- Location in Carroll County
- Carroll County's location in Illinois
- Coordinates: 41°58′54″N 89°55′38″W﻿ / ﻿41.98167°N 89.92722°W
- Country: United States
- State: Illinois
- County: Carroll

Government
- • Supervisor: Janice M. Queckboerner

Area
- • Total: 38.18 sq mi (98.9 km^{2})
- • Land: 38.18 sq mi (98.9 km^{2})
- • Water: 0 sq mi (0 km^{2}) 0%
- Elevation: 846 ft (258 m)

Population (2020)
- • Total: 757
- • Density: 19.8/sq mi (7.66/km^{2})
- Time zone: UTC-6 (CST)
- • Summer (DST): UTC-5 (CDT)
- ZIP codes: 61014, 61053, 61285
- FIPS code: 17-015-24881

= Fairhaven Township, Illinois =

Fairhaven Township is one of twelve townships in Carroll County, Illinois, United States. As of the 2020 census, its population was 757 and it contained 399 housing units.

==Geography==
According to the 2010 census, the township has a total area of 38.18 sqmi, all land.

===Cities===
- Chadwick

===Cemeteries===
The township contains these four cemeteries: Black Oak Lutheran, Chadwick Methodist, Fairhaven and Hope Brethren.

===Major highways===
- Illinois Route 40
- Illinois Route 78

==Demographics==
As of the 2020 census there were 757 people, 397 households, and 242 families residing in the township. The population density was 19.81 PD/sqmi. There were 399 housing units at an average density of 10.44 /sqmi. The racial makeup of the township was 96.70% White, 0.26% African American, 0.00% Native American, 0.79% Asian, 0.00% Pacific Islander, 0.00% from other races, and 2.25% from two or more races. Hispanic or Latino of any race were 2.25% of the population.

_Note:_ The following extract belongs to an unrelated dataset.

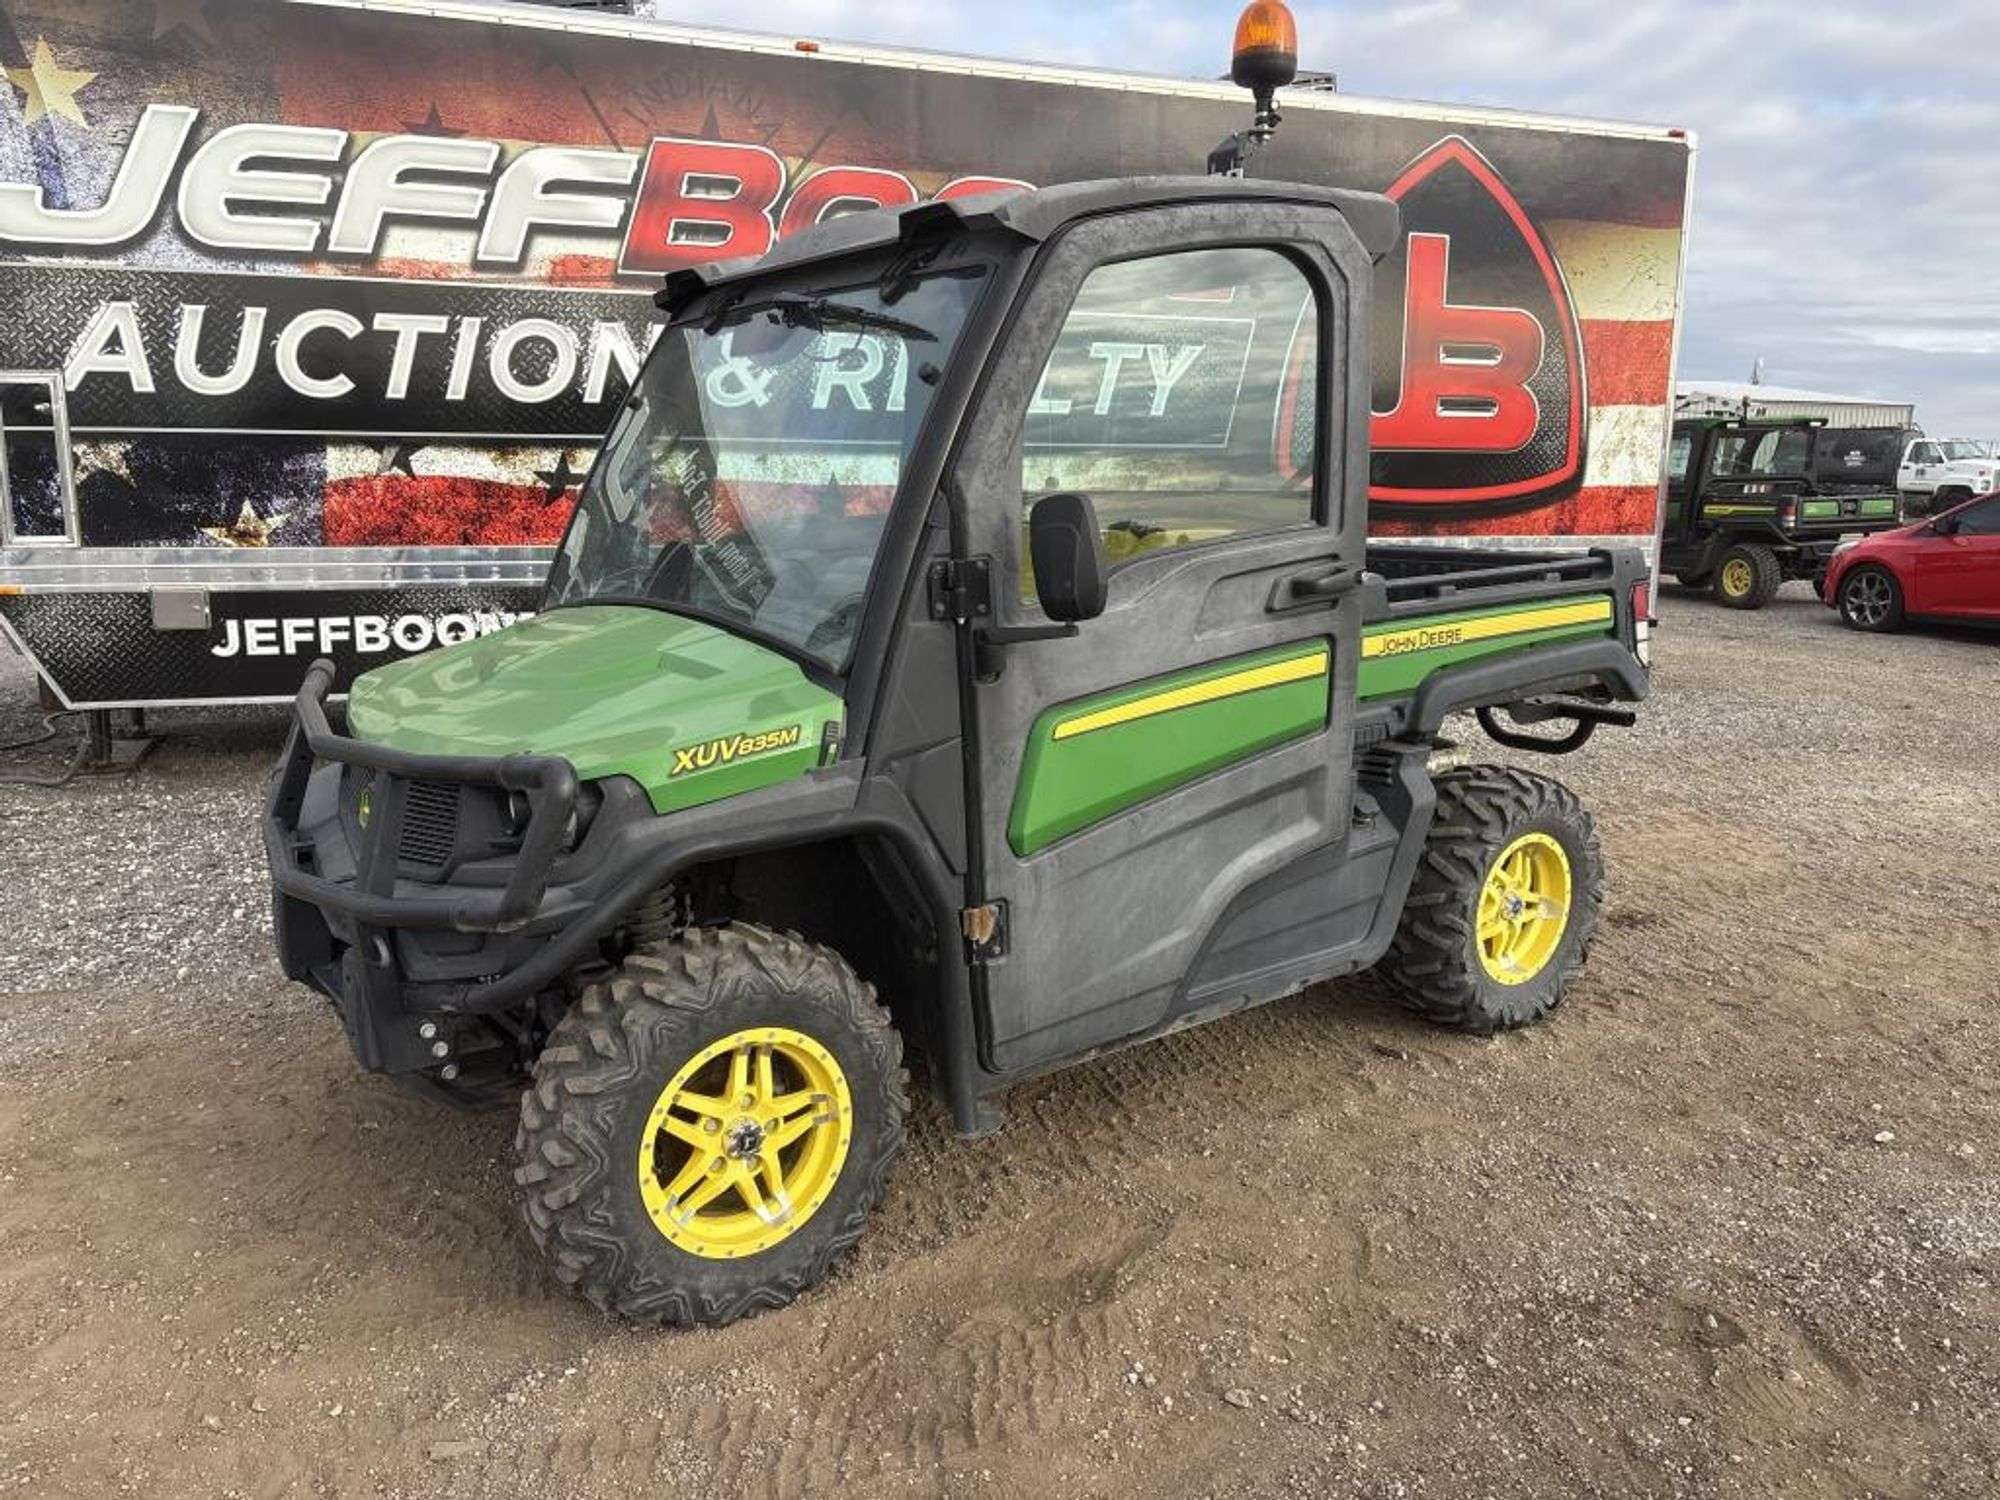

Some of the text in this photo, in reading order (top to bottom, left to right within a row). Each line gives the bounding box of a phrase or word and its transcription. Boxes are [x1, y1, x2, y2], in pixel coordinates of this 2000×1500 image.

[66, 301, 668, 404] AUCTION
[705, 332, 781, 408] &
[1379, 628, 1463, 654] JOHN DEERE

There were 397 households, out of which 17.90% had children under the age of 18 living with them, 47.61% were married couples living together, 9.07% had a female householder with no spouse present, and 39.04% were non-families. 32.70% of all households were made up of individuals, and 9.80% had someone living alone who was 65 years of age or older. The average household size was 2.09 and the average family size was 2.62.

The township's age distribution consisted of 16.3% under the age of 18, 6.4% from 18 to 24, 20.8% from 25 to 44, 38.2% from 45 to 64, and 18.4% who were 65 years of age or older. The median age was 50.4 years. For every 100 females, there were 118.5 males. For every 100 females age 18 and over, there were 108.7 males.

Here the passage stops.